Al piano terra vi è un ampio vano, denominato “sala degli affreschi”, per la presenza di ampi resti di pitture murarie (per una superficie stimata di 40 mq) riferibili alla metà-fine del secolo XVI, che raffigurano scene paesaggistiche e personaggi mitologici, comuni negli apparati decorativi interni delle ville rinascimentali.

Esse sono inserite in finte architetture prospettiche, delimitate da colonne che terminano con capitelli ionici e da un soffitto a cassettoni. La figura femminile della parete sinistra in alto rappresenta forse Euterpe, la musa della musica e della poesia lirica, come si deduce dall’attributo iconografico del flauto che regge nella mano destra; una figura mitologica, questa, che con la sua presenza non avrà mancato di “ispirare” la Banda musicale di Sona, per molti anni ospitata al piano superiore.

I dipinti sono stati realizzati con la tecnica dell’affresco: in alcuni punti si osservano perfino i classici segni delle incisioni operate in fase di esecuzione per riportare il disegno preparatorio dal cartone all’intonaco non ancora asciutto. A causa della frammentazione dell’edificio, non è però possibile inserire il ricco apparato pittorico di questo vano in un contesto decorativo. Da ammirare (benché un po’ malandato) è anche il pavimento in cotto, che si direbbe originale e della stessa epoca dei dipinti: attira lo sguardo una decorazione centrale a forma di stella.

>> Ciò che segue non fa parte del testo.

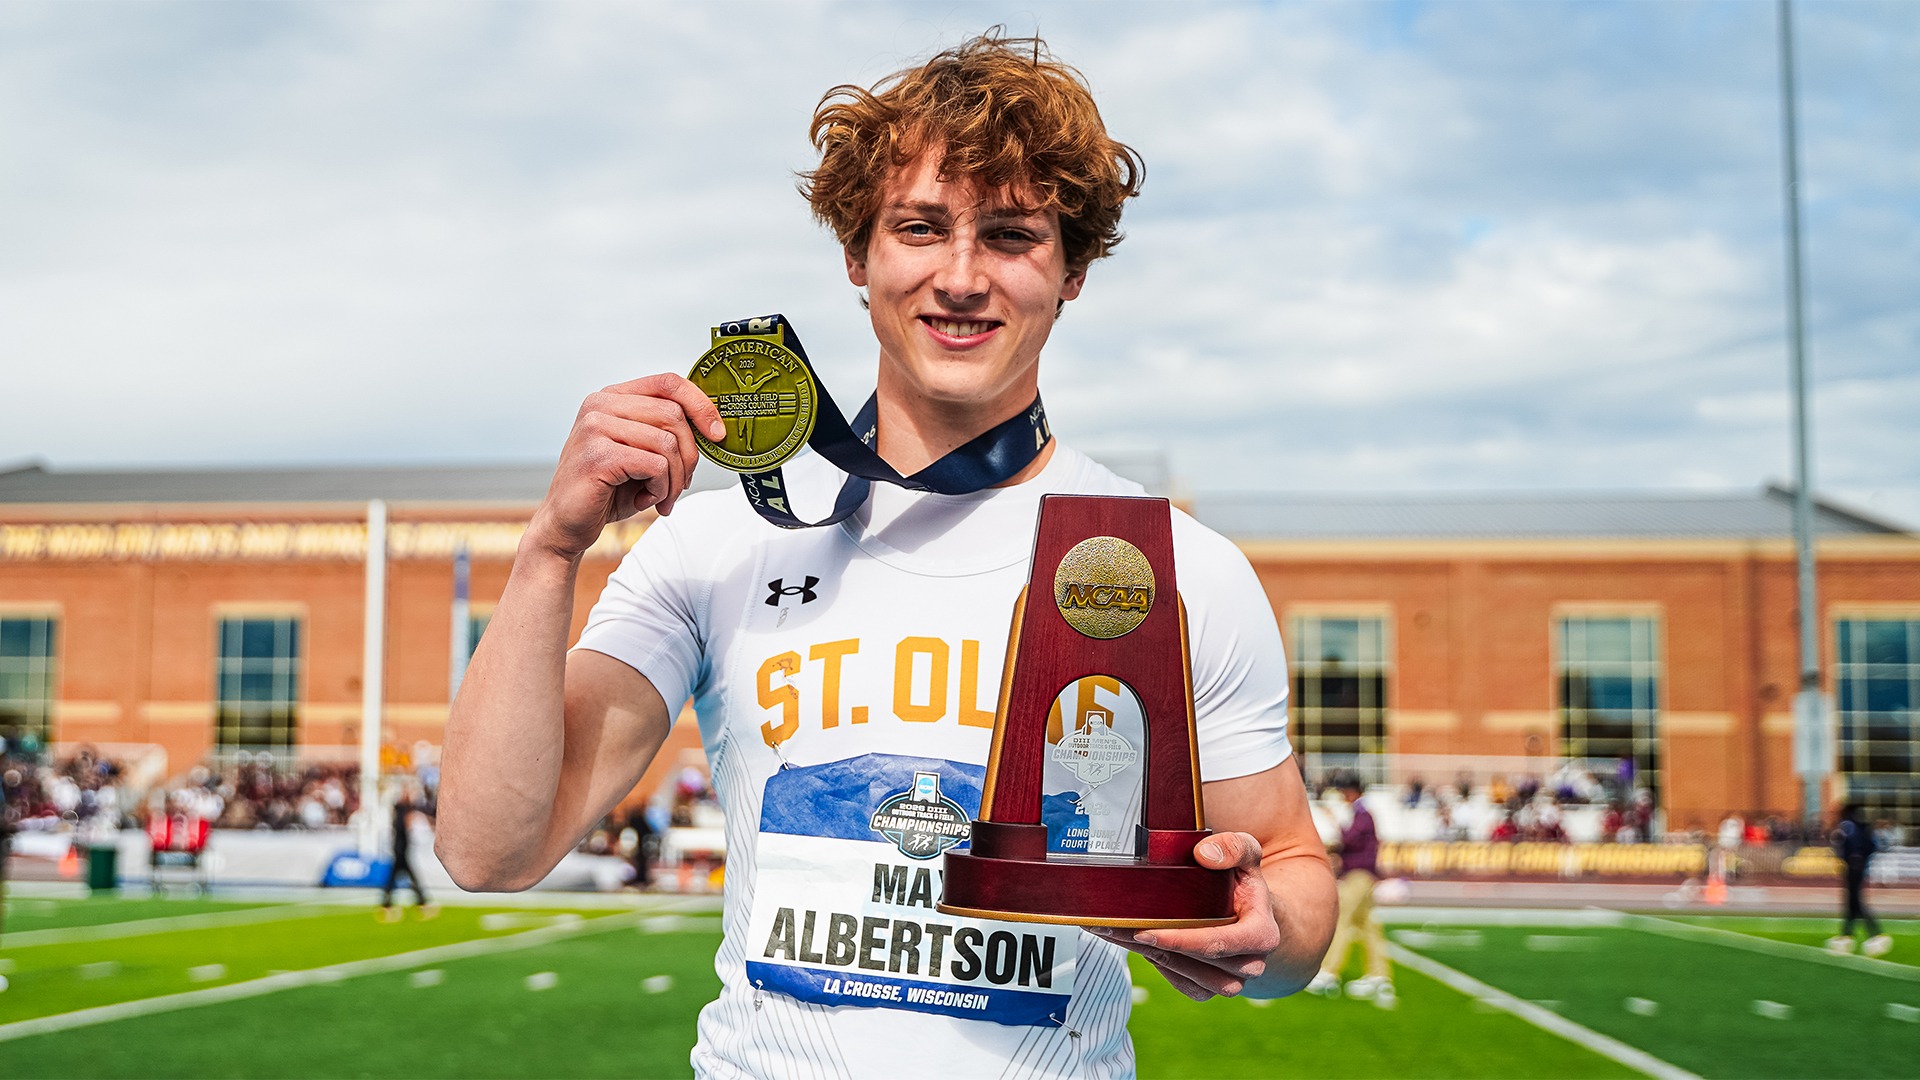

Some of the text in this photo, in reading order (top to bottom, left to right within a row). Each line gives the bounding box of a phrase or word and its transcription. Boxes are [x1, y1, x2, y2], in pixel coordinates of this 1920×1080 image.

Gli affreschi, purtroppo, oltre che ridotti a frammenti non sono neppure in buone condizioni di conservazione. Ad una prima analisi visiva è evidente la poca trasparenza dei colori: la superficie pittorica appare offuscata da una sorta di velo scuro e oleoso, che ne appiattisce le qualità formali e cromatiche e ne impedisce una chiara lettura. I dipinti infatti hanno già subito in passato un intervento di restauro nel corso del quale essi sono stati puliti in maniera poco uniforme e ritoccati con stuccature inadeguate. Oltre alle abrasioni, numerose ed estese sono le lacune della pellicola pittorica, che mettono in luce la superficie sottostante, in prossimità delle quali si osservano inoltre alcuni sollevamenti in scaglie e distacchi di colore.

Le cause sono da attribuire all’umidità ambientale e alla presenza di sali all’interno delle murature. Infelice fu, in una delle ristrutturazioni passate, l’idea di stendere tra gli spazi non dipinti uno strato di cemento: questo è un materiale dannoso per gli affreschi a causa dell’elevato contenuto di sali solubili che possono migrare verso gli intonaci antichi e indebolirne le superfici dipinte.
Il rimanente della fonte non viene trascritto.